* [PROVIDED INFORMATION]:
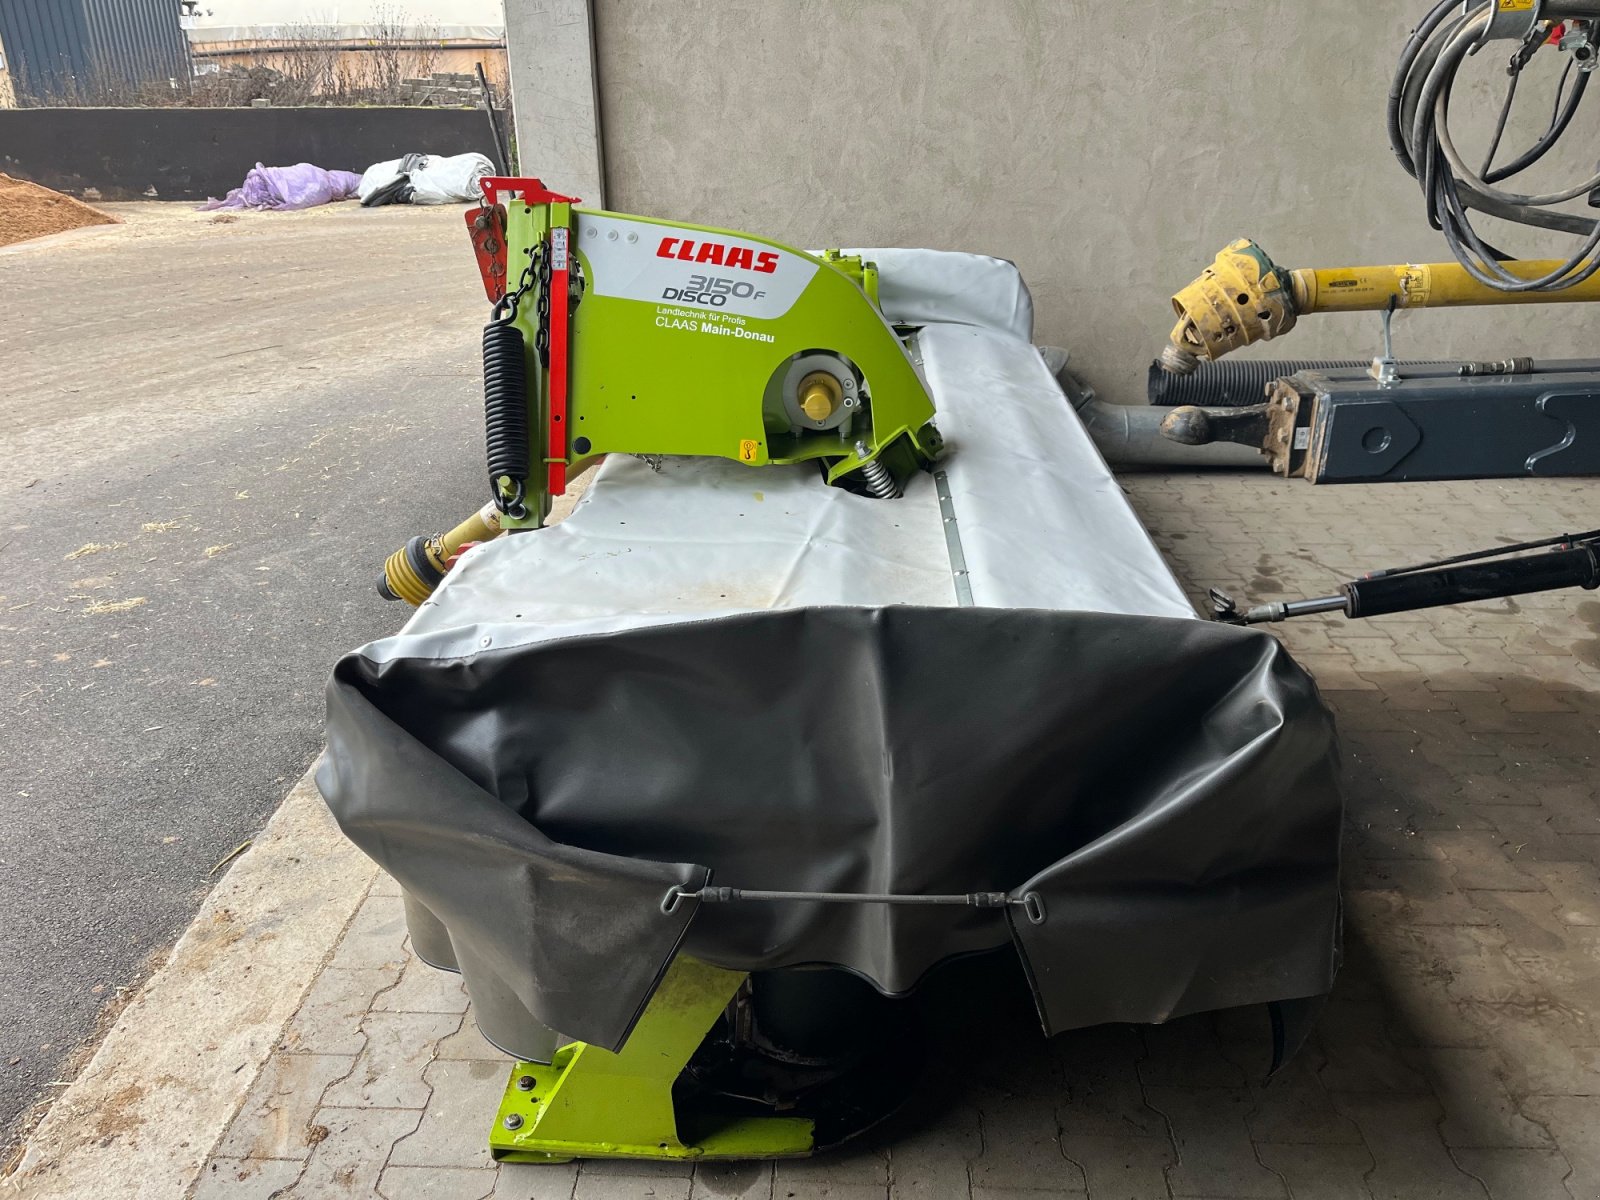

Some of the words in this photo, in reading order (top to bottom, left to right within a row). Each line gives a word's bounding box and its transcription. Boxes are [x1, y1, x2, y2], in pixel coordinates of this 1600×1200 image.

[656, 237, 779, 274] CLAAS
[662, 287, 727, 307] DISCO
[656, 305, 707, 320] Landtechnik
[708, 312, 720, 322] für
[721, 315, 746, 326] Profis
[655, 317, 698, 331] CLAAS
[701, 322, 775, 343] Main-Donau

* [TASK STATEMENT]: Output the entries verbatim but drop the images.

* [OUTPUT]:
Some of the words in this photo, in reading order (top to bottom, left to right within a row). Each line gives a word's bounding box and its transcription. Boxes are [x1, y1, x2, y2], in pixel coordinates of this 1600×1200 image.

[656, 237, 779, 274] CLAAS
[662, 287, 727, 307] DISCO
[656, 305, 707, 320] Landtechnik
[708, 312, 720, 322] für
[721, 315, 746, 326] Profis
[655, 317, 698, 331] CLAAS
[701, 322, 775, 343] Main-Donau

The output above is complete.